The insane, in-your-face propaganda against Ron Paul has never been more apparent than now, as his campaign leads in Iowa and potentially stands to win the important state caucus, which kicks off the primary election dominoes. First they tried to ignore him. When growing numbers of supporters called the mainstream media on their censorship, and citizen journalists made the pundits irrelevant by taking the fight onto the Internet, the new attack on Paul took form in the words "He can't win". Now that reality has smacked down this statement (since he is winning) the new weak punch from the media and the neocon GOP machine essentially boils down to, "if he wins, it won't count".
This is exactly what Chris Wallace recently said about Ron Paul's potential win in Iowa.
The press and the establishment Republicans are in full attack mode. They are screaming at Iowa voters to not vote their conscience but rather vote for who the machine says is the people's choice, even though the polls indicate that it's not.
"It would make the caucuses mostly irrelevant if not entirely irrelevant," I owa Republican Becky Beach told Politico. "It would have a very damaging effect because I don't think he could be elected president and both Iowa and national Republicans wouldn't think he represents the will of voters."

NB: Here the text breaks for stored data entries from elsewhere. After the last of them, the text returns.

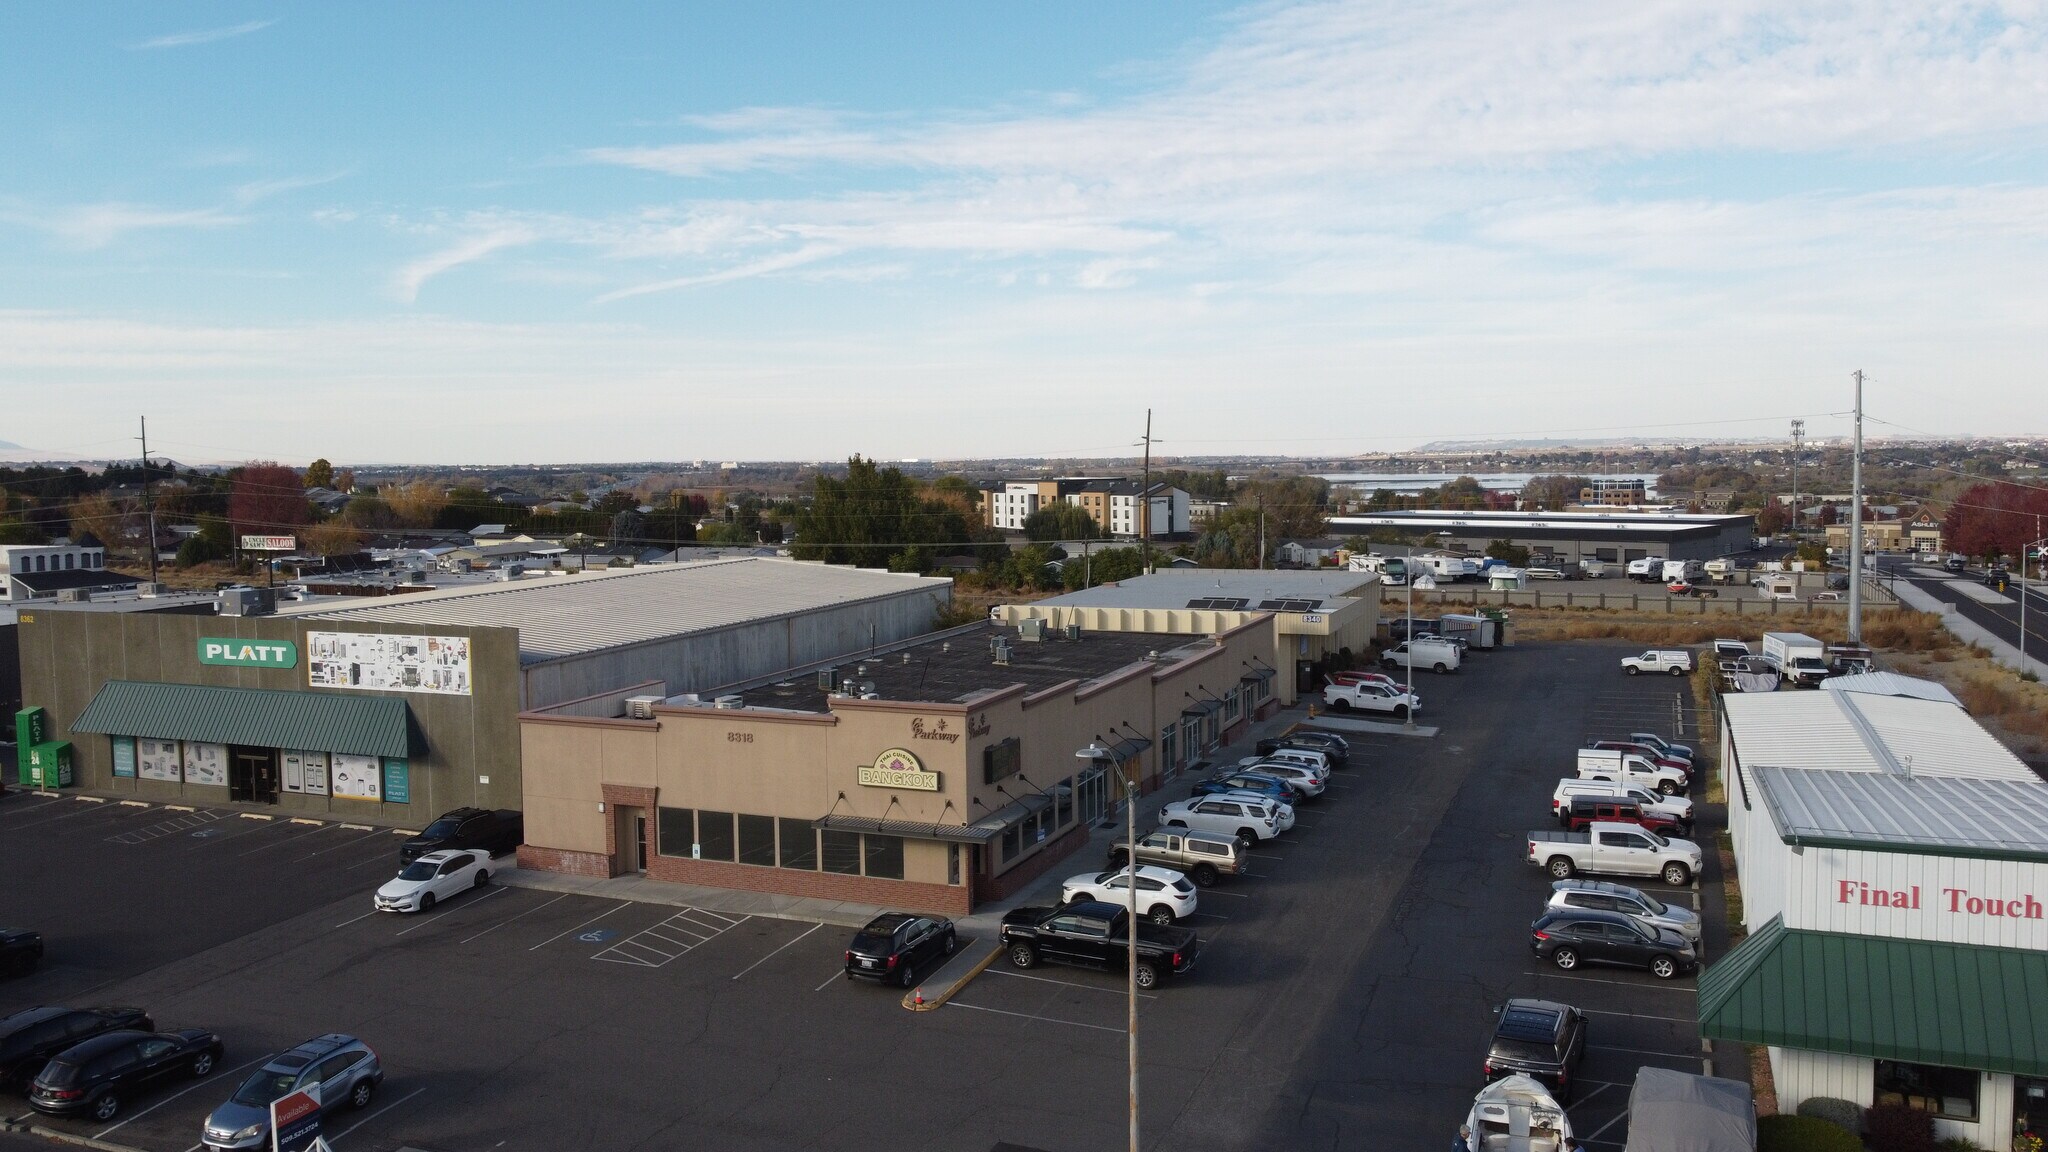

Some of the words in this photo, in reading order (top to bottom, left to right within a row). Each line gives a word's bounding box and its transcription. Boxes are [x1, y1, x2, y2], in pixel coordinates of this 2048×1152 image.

[267, 538, 294, 548] SALOON
[1303, 615, 1321, 623] 8340
[206, 643, 287, 662] PLATT
[32, 714, 41, 742] PLATT
[912, 728, 960, 744] Parkway
[727, 731, 754, 743] 8318
[879, 753, 892, 764] THAI
[892, 752, 914, 765] CUISINE
[860, 769, 935, 788] BANGKOK
[1837, 879, 1920, 910] Final
[1943, 887, 2044, 920] Touch
[277, 1102, 310, 1123] Available
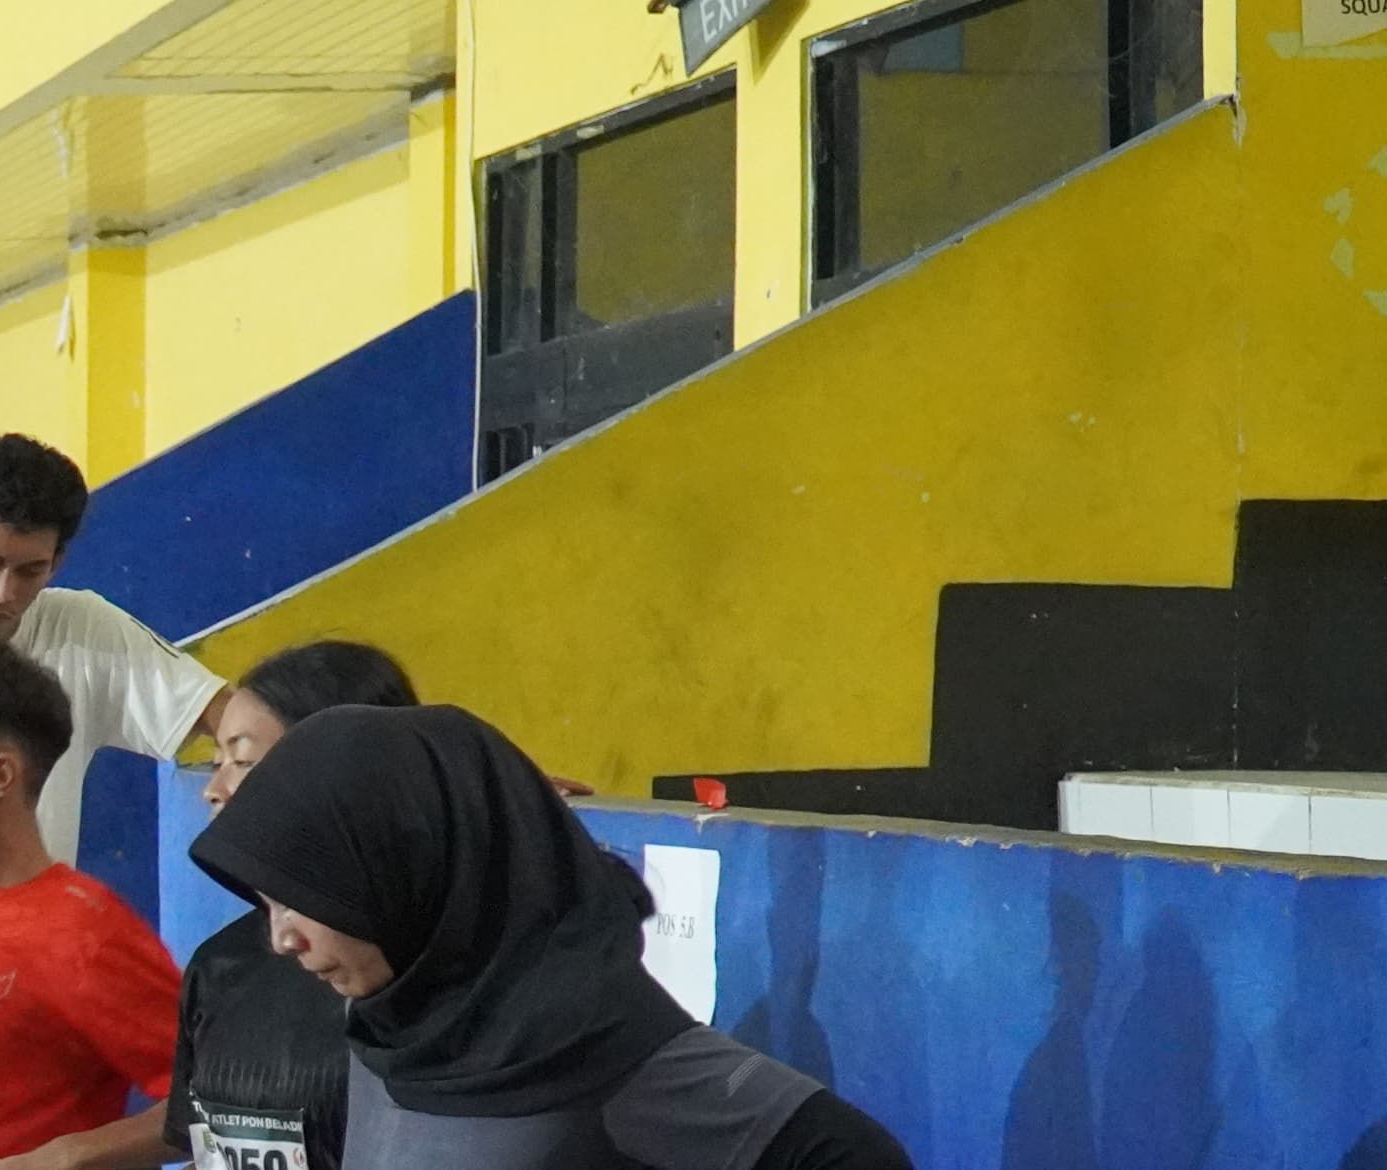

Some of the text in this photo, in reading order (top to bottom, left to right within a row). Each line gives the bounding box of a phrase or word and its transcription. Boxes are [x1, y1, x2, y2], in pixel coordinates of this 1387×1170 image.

[1341, 0, 1387, 16] SQU
[700, 0, 747, 43] EX
[242, 1116, 264, 1128] PON

Beach apparently helped Bush 41 and 43 there. (Good job, Becky!) Some sour faces in the party demonizing Paul's gain are pushing a conspiracy theory that Paul's lead is being maintained by Democrats who are going to vote for Obama after Paul gets the nomination, now with President Obama's popularity so low. Nearly all of Ron Paul's support stands against Obama's big government and war mongering policies, which are hardly any different than George W. Bush's.
Iowa Governor Terry Branstad is even subtly putting out the call for people in other states to look at who won second place if Ron Paul wins in Iowa. (It would be interesting to see if Branstad would be pushing the same message if Ron Paul became the President.)
The reality that these attacks highlight is clear-- the United States is an occupied nation, with a few at the top of each establishment piece (politics, media, military) guarding an empire that cares nothing about the will of the people and presumes to step in front of them and speak for the public when the public begins to step out of their sphere of control. Now that the propaganda is so obvious and apparent, the question is, if Ron Paul's success continues, to what lows will the media and political machines sink to in order to reassert their control over the people? Regardless of one's opinion of Ron Paul, the fact that the establishment is trying to nullify an election before it has taken place and disregard our democratic process for selecting leaders should scare every American to their soul.